Growing up, my family brought store-brand groceries so we could save money for something exciting, like new rain gutters. It’s a tactic I used when I started to manage my own finances so I could save money on something equally exciting, like printer cartridges. But the road to savings isn’t an easy one. Mistakes were made. These were the worst of them—products I’ll never buy generic again.
On three occasions, thinking it would take the Jaws of Life to get this torture string out from between my molars, I’ve considered, with sweaty brow and aching jawline, giving up and going to the ER.
If I’m going to rot my teeth out on soda (eliminating my need for dental floss at all), I’m not reaching for a can of Big Fizz. I’m going straight for real, non-cheap Coca-Cola. Worth it.
Macaroni and Cheese
It’s an extra dollar for the blue box. That proprietary blend of artificial cheese flavors just can’t be beat.

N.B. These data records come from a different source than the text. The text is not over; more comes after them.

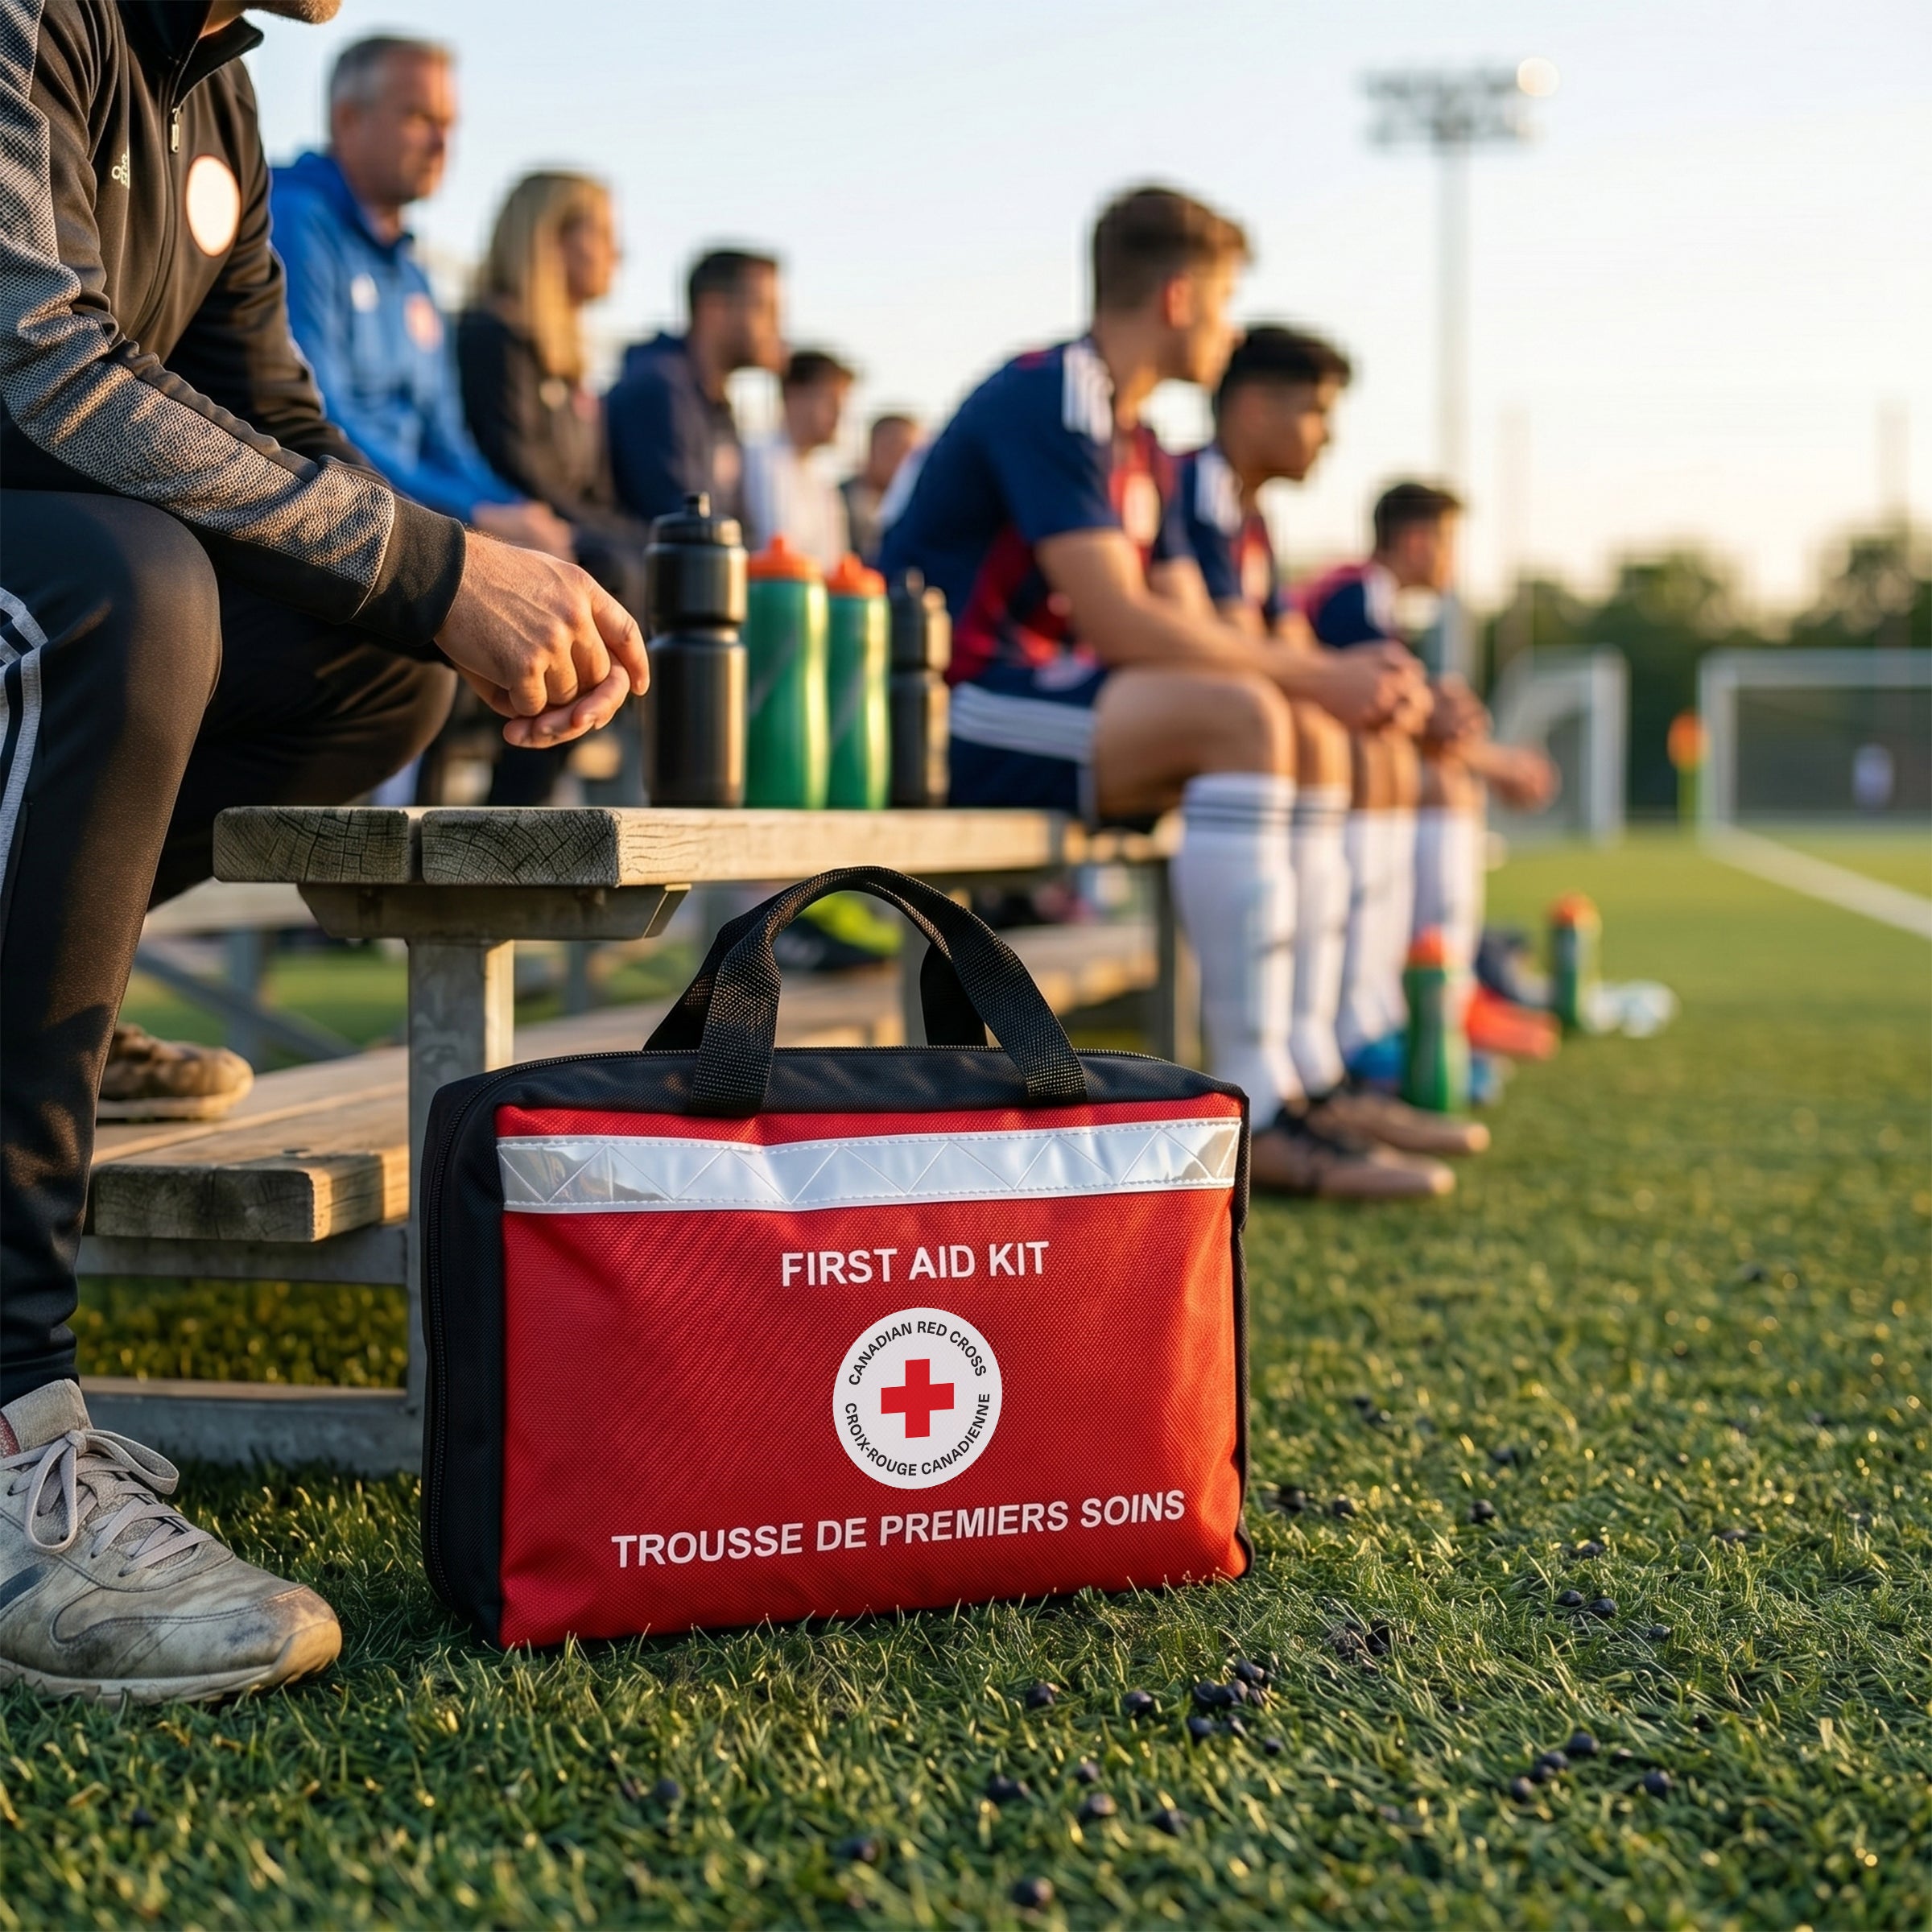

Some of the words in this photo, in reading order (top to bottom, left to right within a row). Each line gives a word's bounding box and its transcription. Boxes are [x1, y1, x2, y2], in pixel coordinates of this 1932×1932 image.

[782, 1248, 898, 1287] FIRST
[909, 1245, 976, 1280] AID
[989, 1241, 1050, 1277] KIT
[848, 1322, 912, 1385] CANADIAN
[917, 1320, 947, 1336] RED
[949, 1331, 987, 1377] CROSS
[845, 1402, 917, 1476] CROIX-ROUGE
[921, 1393, 990, 1475] CANADIENNE
[611, 1522, 803, 1568] TROUSSE
[816, 1517, 867, 1551] DE
[880, 1501, 1068, 1546] PREMIERS
[1080, 1489, 1185, 1528] SOINS

After years of buying store-brand tampons, I noticed a woman giving me the side eye at the drug store. “Don’t do it,” she said, waving a glossy box of Tampax at the box of generic supers I was holding. “You’re going to regret it. Those applicators just fall apart.” I looked around to make sure I wasn’t on a hidden-camera show. “It’s not worth the savings!” she called one last time as she left the aisle like the Ghost of Periods Past.

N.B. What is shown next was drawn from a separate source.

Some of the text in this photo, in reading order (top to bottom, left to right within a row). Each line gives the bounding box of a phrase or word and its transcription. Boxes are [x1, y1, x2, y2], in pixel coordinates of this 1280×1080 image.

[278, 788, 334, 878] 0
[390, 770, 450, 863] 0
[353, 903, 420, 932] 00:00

I caved and spent $3 more on a glossier box of tampons, and life as a woman has been exponentially better since that very special day. All those happy-period commercials you see might have been inspired by me.

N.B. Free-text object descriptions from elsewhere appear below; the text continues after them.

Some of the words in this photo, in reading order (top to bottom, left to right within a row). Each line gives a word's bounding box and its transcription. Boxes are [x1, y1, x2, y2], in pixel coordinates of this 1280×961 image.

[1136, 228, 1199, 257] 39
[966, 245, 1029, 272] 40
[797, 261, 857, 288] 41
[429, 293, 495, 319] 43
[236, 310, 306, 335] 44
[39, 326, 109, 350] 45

Every single adhesive bandage you have ever seen out of place has been a store-brand one: floating in a swimming pool; on the floor of the locker room at the gym; in a fitting room at the mall; tangled in your sheets when you take them off on laundry day; stuck to the carpet at any airline gate. Don’t be the person who leaves a store-brand bandage behind. That’s gross. Spend the extra dollar for something that sticks.
Did you know that Costco sells alcohol? They sell Kirkland alcohol. No. I’d rather pay for rail drinks at the most divey of bars than do it at home for less.
When I’m sick, I want to sleep through it without delay. (Looking at you, Wal-Flu.)
Lisa Rowan lives in Washington, DC.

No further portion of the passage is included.